Remarks: The morphological variability shown by living animals ( Fig. 1 View FIGURE 1 ) consisted in the body length of the specimens (ranging from 8 to 15 mm), rhinophores with usually 10 or 12 (range 6-17) dish-shaped annulations and the notum with 4 or 5 clusters of cerata. The precardiac cluster of cerata could have up to 24 cerata, the two median clusters up to 18 cerata each one and the posterior one with a single row of maximum 6 cerata. The new species shows 15% mean p -distance at the COI with D. occidentalis and 18% with the Mediterranean D. banyulensis . It also differs morphologically from the three formerly known congeners (Table 3). Dondice trainitoi sp. nov. can be distinguished from D. banyulensis by the presence of the black pigment covering the jaws and forming two black patches clearly visible at the cephalic portion. The only other species which shares this very typical character is the D. occidentalis ‘ sensu Marcus Er. ’ (1958), who described a specimen from Cananèia (San Paolo, Brazil) which ‘ …differs from the Jamaican specimens in some details. The black pigmented epithelium covering the jaws of our species is very striking, even in living slugs, but apparently is wanting in the Jamaican material as Engel does not mention it. ’ (Marcus Er. 1958). Dondice occidentalis ‘ sensu Marcus’ however, has ‘…a median red stripe along the head and a stripe along each side ’ (see the Brazilian specimen photographed by Lindner A. 2014, page 48) that clearly differs from the white ones characterizing D. trainitoi sp. nov. Dondice galaxiana is morphologically entirely different from D. trainitoi sp. nov., in fact it has rhinophores with large dish-shaped annulations, the cerata are clustered on raised cushions and its body has rhomboid-shaped patches on the dorsum between the cerata. These features are completely lacking in the new species. Dondice parguerensis is morphologically similar to D. occidentalis but differing from it for its particular diet which consists of Cassiopea sp. and by the epithelium covering the jaws that is brown amber ( Brandon & Cutress 1985) and not dark or black as in D. occidentalis .

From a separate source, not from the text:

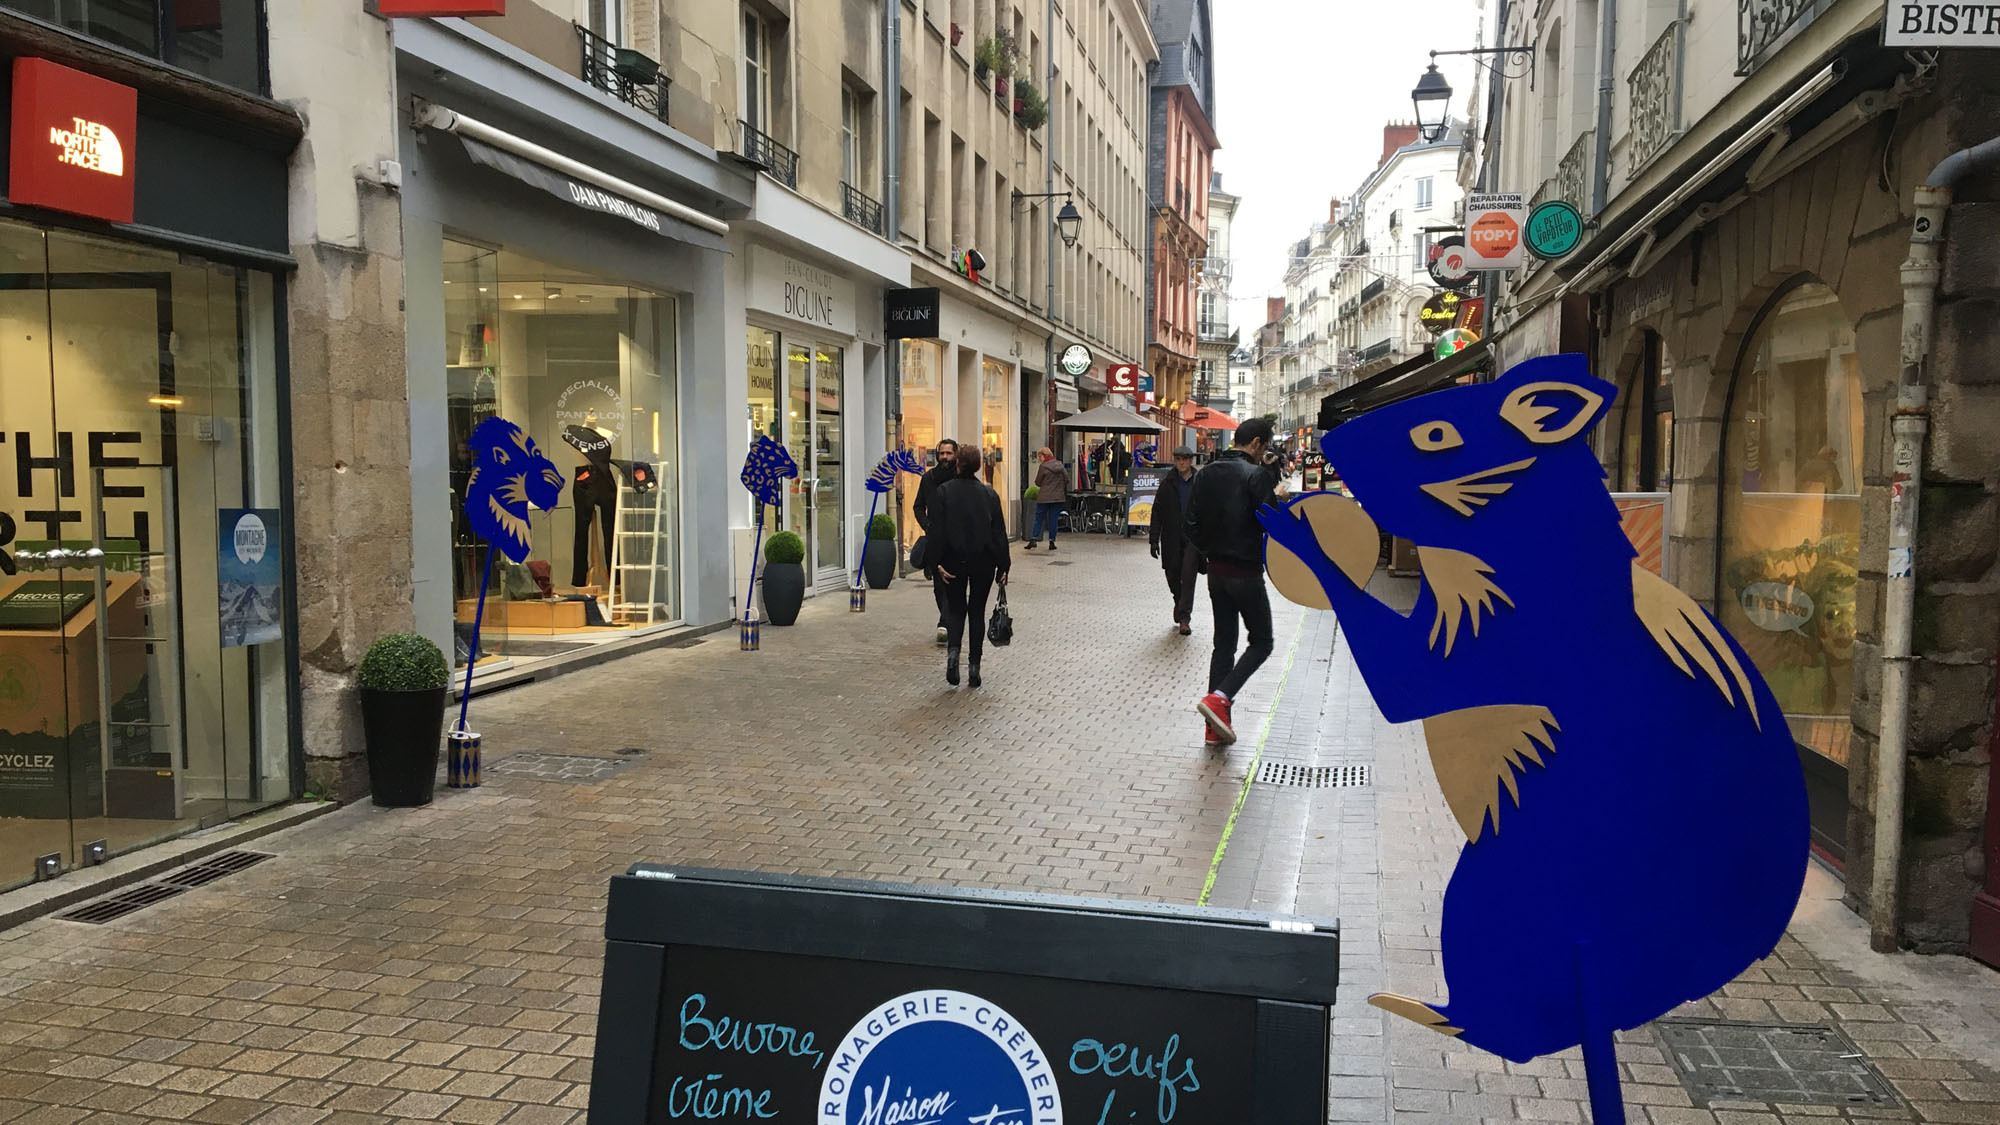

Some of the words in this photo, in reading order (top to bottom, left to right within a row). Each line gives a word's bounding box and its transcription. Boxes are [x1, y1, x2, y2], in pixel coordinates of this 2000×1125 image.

Specimens of the new species were observed and photographed in situ feeding on a reddish/orange hydroid belonging to the family Campanulariidae Johnston, 1836 . The egg mass is a white lace coiled around the hydroid ( Fig. 1F View FIGURE 1 ). Interestingly, as known for other facelinid species, D. trainitoi sp. nov., when disturbed, autotomized its cerata to distract potential predators.